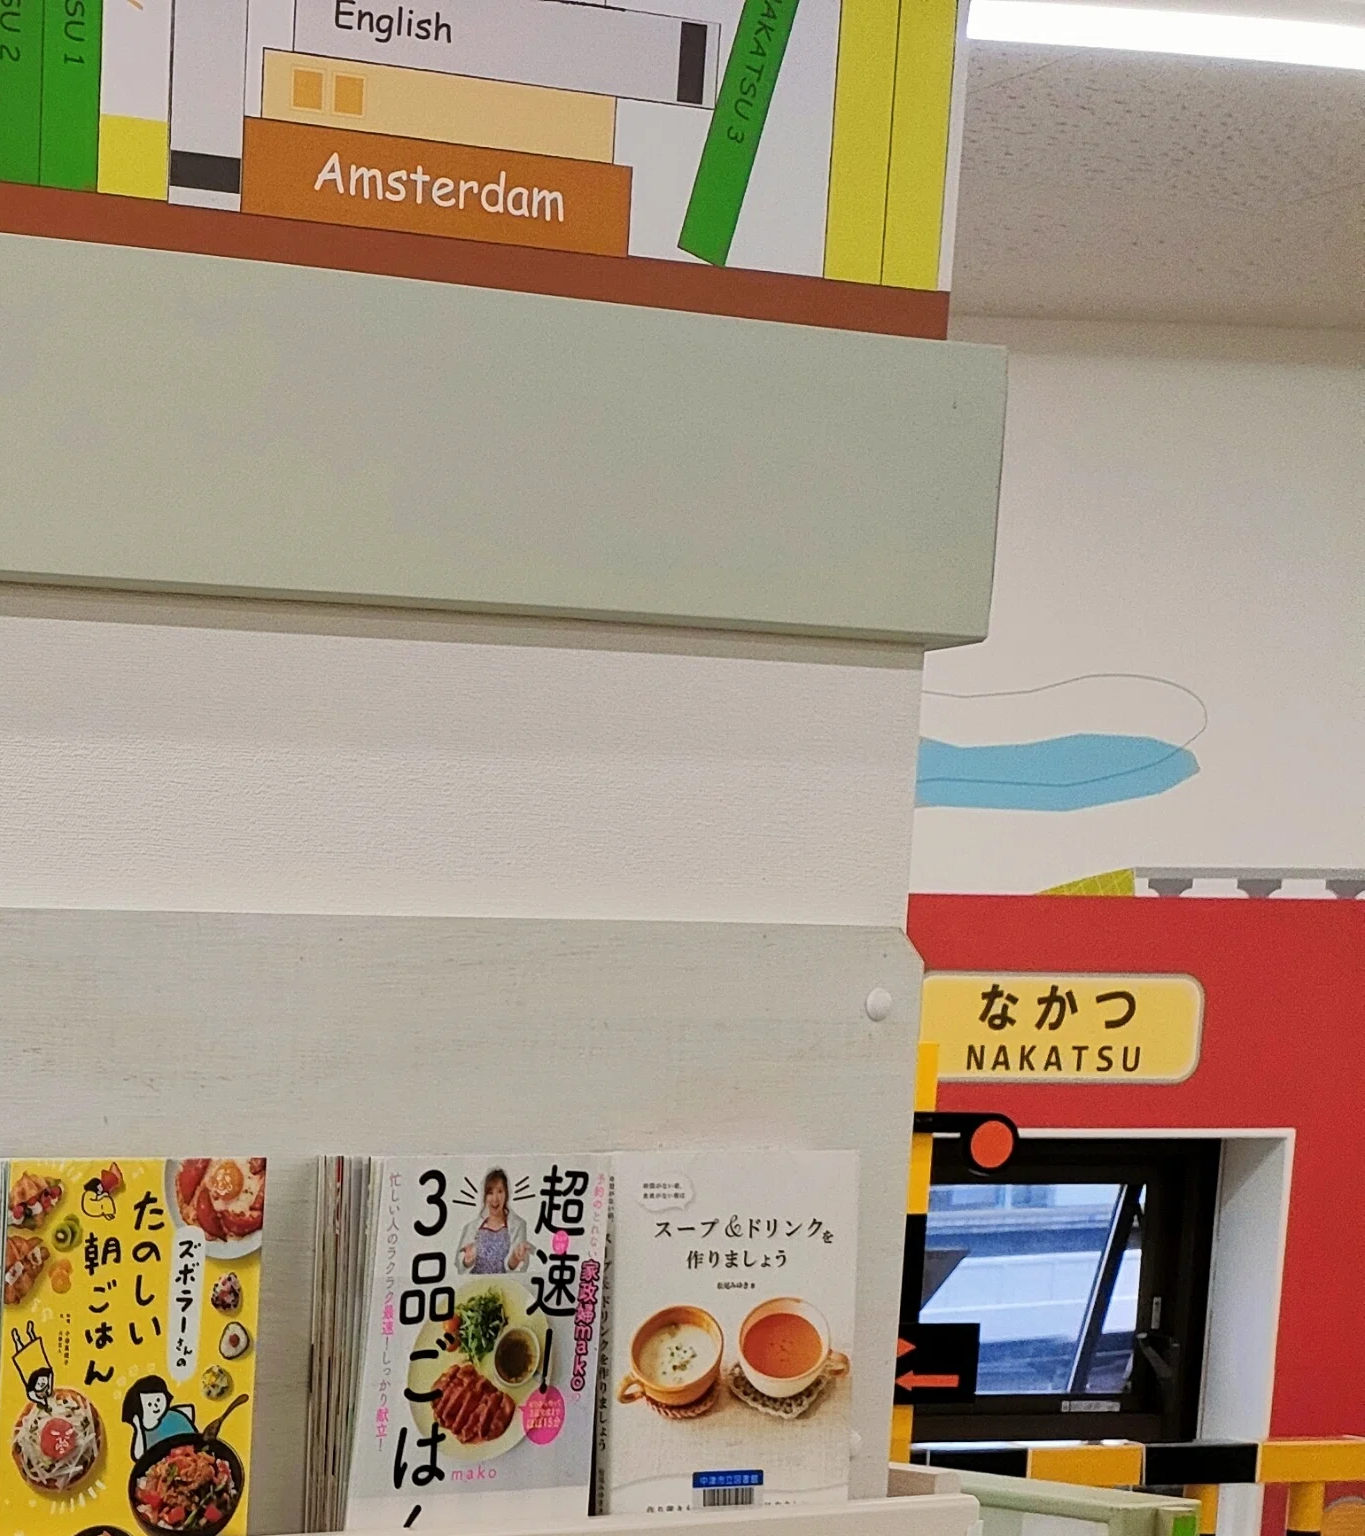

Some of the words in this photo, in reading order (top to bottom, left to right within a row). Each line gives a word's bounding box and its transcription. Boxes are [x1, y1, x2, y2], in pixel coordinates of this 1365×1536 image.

[333, 0, 454, 45] English
[0, 44, 21, 62] 2
[63, 53, 85, 65] 1
[734, 0, 782, 121] AKATSU
[727, 126, 745, 144] 3
[314, 151, 566, 223] Amsterdam
[976, 983, 1137, 1031] なかつ
[965, 1044, 1142, 1073] NAKATSU
[129, 1189, 166, 1346] たのしい
[685, 1249, 788, 1270] 作りましょう
[82, 1231, 122, 1387] 朝ごはん
[173, 1238, 200, 1369] ズボラーさんの
[392, 1168, 456, 1530] 3品ごは
[449, 1464, 498, 1483] mako
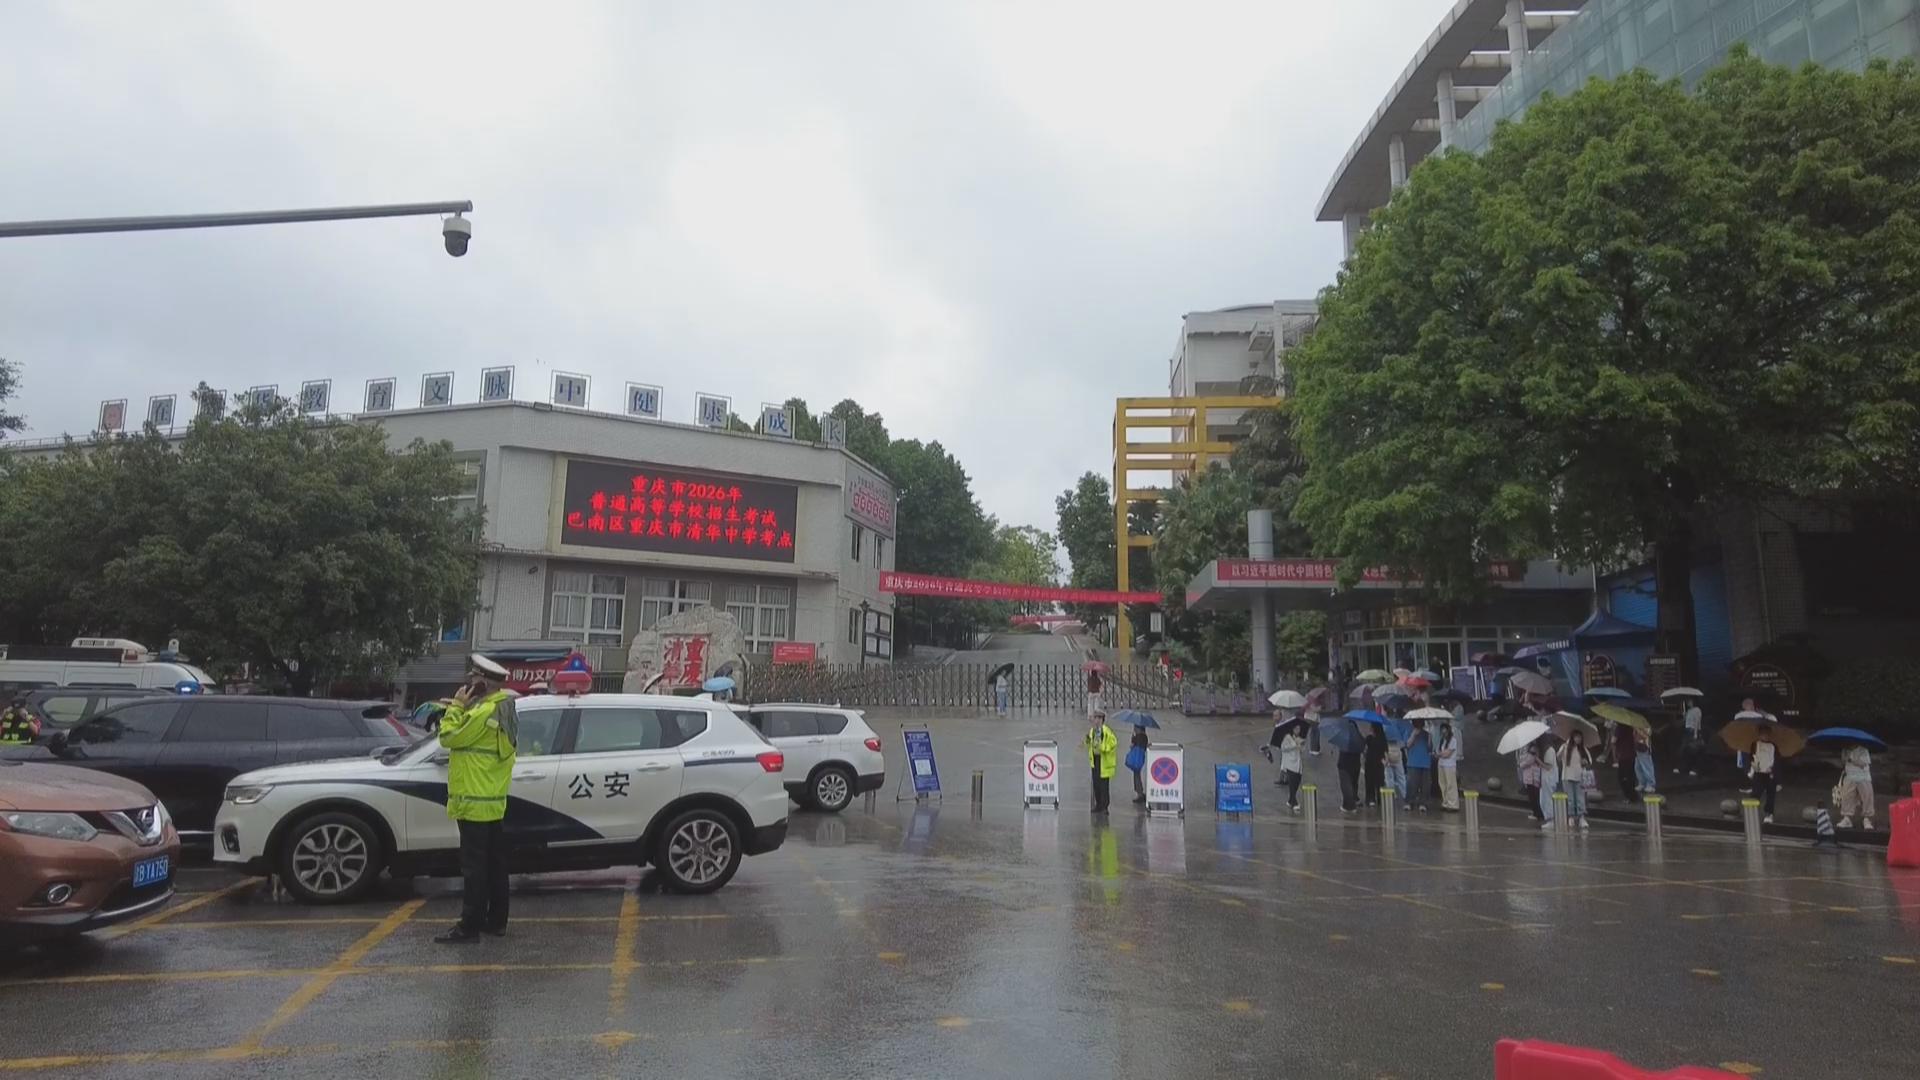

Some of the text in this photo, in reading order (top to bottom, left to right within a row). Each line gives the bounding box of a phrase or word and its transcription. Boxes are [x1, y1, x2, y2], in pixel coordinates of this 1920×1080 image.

[630, 475, 742, 503] 重庆市2026年
[589, 491, 777, 528] 普通高等学校招生考试
[567, 511, 792, 548] 巴南区重庆市清华中学考点
[568, 772, 630, 800] 公安

**********

Work order: Copy out exactly the lines from the line with "Some of the text" to the end of the listing, including both of those lines, and give nothing else.

Answer to this exercise:
Some of the text in this photo, in reading order (top to bottom, left to right within a row). Each line gives the bounding box of a phrase or word and its transcription. Boxes are [x1, y1, x2, y2], in pixel coordinates of this 1920×1080 image.

[630, 475, 742, 503] 重庆市2026年
[589, 491, 777, 528] 普通高等学校招生考试
[567, 511, 792, 548] 巴南区重庆市清华中学考点
[568, 772, 630, 800] 公安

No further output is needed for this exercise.